A wet teabag of a movie, A Good Woman reworks Oscar Wilde's Lady Windemere's Fan as a jazz-age drama set in the sun-drenched Italian town of Amalfi. Sort of. Howard Himelstein's script mostly consists of the dull, move-the-action-along dialogue usually heard on the Lifetime network. Then, when the plot allows for it—which doesn't happen often enough—the movie shifts into Wilde mode, and the characters start trading priceless bon mots. They're jewels carelessly mounted in a movie that worries more about the costumes and sets than what the characters within them feel.

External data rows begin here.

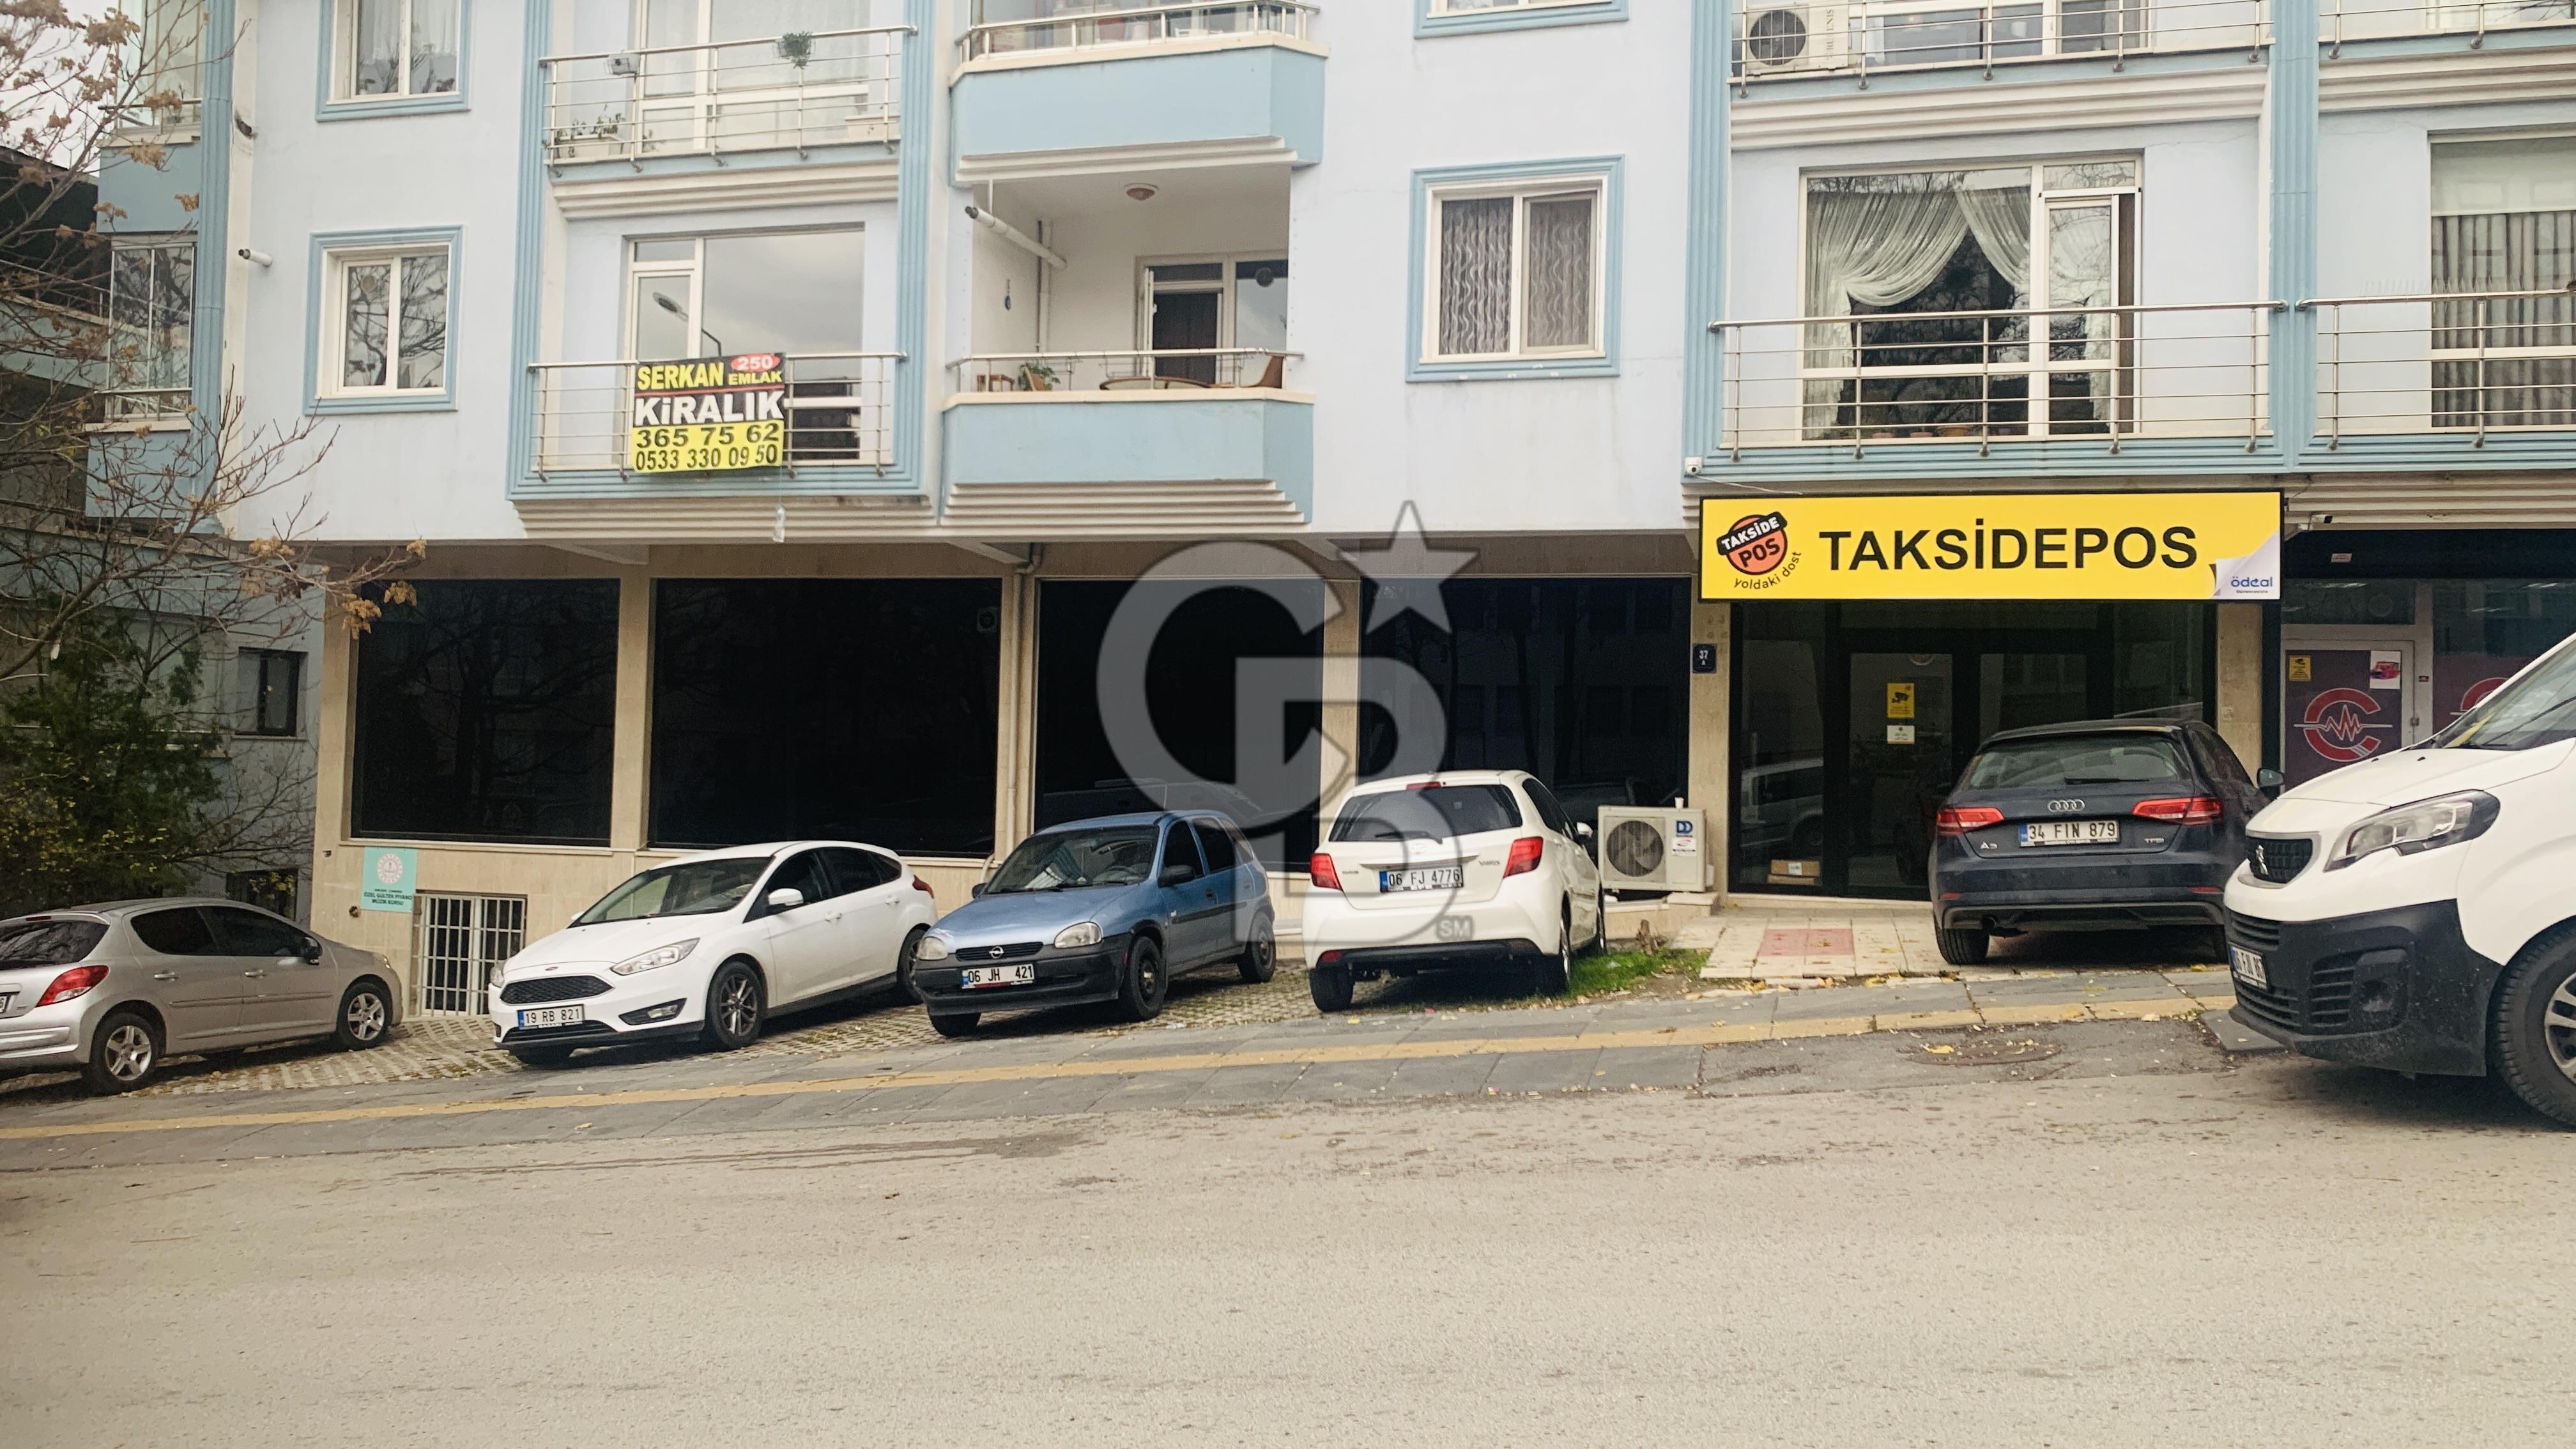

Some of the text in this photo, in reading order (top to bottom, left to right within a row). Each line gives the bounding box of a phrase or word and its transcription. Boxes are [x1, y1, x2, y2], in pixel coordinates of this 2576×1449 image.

[737, 356, 773, 369] 250
[637, 362, 783, 390] SERKAN EMLAK
[636, 422, 779, 448] 365 75 62
[636, 444, 778, 471] 0533 330 09 50
[1721, 516, 1780, 550] TAKSİDE
[1819, 518, 2198, 571] TAKSİDEPOS
[1738, 538, 1781, 568] POS
[1733, 551, 1802, 590] yoldaki dost
[2028, 822, 2115, 839] 34 FIN 879
[1389, 869, 1460, 887] 06 FJ 4776
[968, 965, 1033, 983] 06 JH 421
[526, 1008, 579, 1023] 19 RB 821

A fatal bit of miscasting doesn't help either. Scarlett Johansson is typically good as a naïve young newlywed forced to learn how easily suspicion spoils a happy marriage. But as Johansson's apparent rival, Helen Hunt looks embarrassingly out of place trying to play an infamous seductress. It isn't that Hunt is unattractive, it's just that here, her every gesture, expression, and inflection suggests a kindly aunt more than a femme fatale. She brings to mind doilies and ginger snaps more readily than brandy and longing looks. Nonetheless, the plot revolves around all the chatty Amalfi types thinking Hunt has stolen Johansson's husband (Mark Umbers). Meanwhile, Umbers' bon vivant family friend (Stephen Campbell Moore) puts the moves on Johansson, attempting to seduce her with witty words, long walks on the beach, and freshly cooked shellfish.

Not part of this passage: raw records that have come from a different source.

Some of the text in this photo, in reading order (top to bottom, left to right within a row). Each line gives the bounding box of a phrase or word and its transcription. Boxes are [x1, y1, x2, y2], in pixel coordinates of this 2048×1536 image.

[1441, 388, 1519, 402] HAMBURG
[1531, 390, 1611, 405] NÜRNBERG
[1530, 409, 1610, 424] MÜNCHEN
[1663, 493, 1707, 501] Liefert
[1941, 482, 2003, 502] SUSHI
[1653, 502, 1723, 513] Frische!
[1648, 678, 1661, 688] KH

Tom Wilkinson has some nice moments as Hunt's would-be suitor, a man who's learned the value of not expecting women to be any more moral than men. But he's virtually alone in conveying any kind of depth. The trick to staging Wilde is to hint at the gravity beneath the witticisms. A Good Woman barely even gets the witticisms out, though it does contain Wilde's line about people being either tedious or charming. If the same is true of movies, there's no question on which side this one falls.